Free-text object descriptions:
____________

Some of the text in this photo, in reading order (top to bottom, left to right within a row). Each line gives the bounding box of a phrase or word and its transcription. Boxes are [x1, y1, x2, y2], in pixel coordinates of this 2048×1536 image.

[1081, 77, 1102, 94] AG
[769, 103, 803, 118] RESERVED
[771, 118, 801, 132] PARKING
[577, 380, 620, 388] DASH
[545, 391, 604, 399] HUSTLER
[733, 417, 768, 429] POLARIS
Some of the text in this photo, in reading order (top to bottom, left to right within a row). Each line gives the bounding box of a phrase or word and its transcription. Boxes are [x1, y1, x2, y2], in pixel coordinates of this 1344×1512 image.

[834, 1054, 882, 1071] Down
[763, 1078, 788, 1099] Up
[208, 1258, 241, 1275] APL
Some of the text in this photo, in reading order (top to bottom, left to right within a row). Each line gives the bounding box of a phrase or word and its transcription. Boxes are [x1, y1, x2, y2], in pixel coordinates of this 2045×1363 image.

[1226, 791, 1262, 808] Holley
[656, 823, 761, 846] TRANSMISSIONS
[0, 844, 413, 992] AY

____________

Exact retyping of all the entries is required.

SOLUTION ::
Some of the text in this photo, in reading order (top to bottom, left to right within a row). Each line gives the bounding box of a phrase or word and its transcription. Boxes are [x1, y1, x2, y2], in pixel coordinates of this 2048×1536 image.

[1081, 77, 1102, 94] AG
[769, 103, 803, 118] RESERVED
[771, 118, 801, 132] PARKING
[577, 380, 620, 388] DASH
[545, 391, 604, 399] HUSTLER
[733, 417, 768, 429] POLARIS
Some of the text in this photo, in reading order (top to bottom, left to right within a row). Each line gives the bounding box of a phrase or word and its transcription. Boxes are [x1, y1, x2, y2], in pixel coordinates of this 1344×1512 image.

[834, 1054, 882, 1071] Down
[763, 1078, 788, 1099] Up
[208, 1258, 241, 1275] APL
Some of the text in this photo, in reading order (top to bottom, left to right within a row). Each line gives the bounding box of a phrase or word and its transcription. Boxes are [x1, y1, x2, y2], in pixel coordinates of this 2045×1363 image.

[1226, 791, 1262, 808] Holley
[656, 823, 761, 846] TRANSMISSIONS
[0, 844, 413, 992] AY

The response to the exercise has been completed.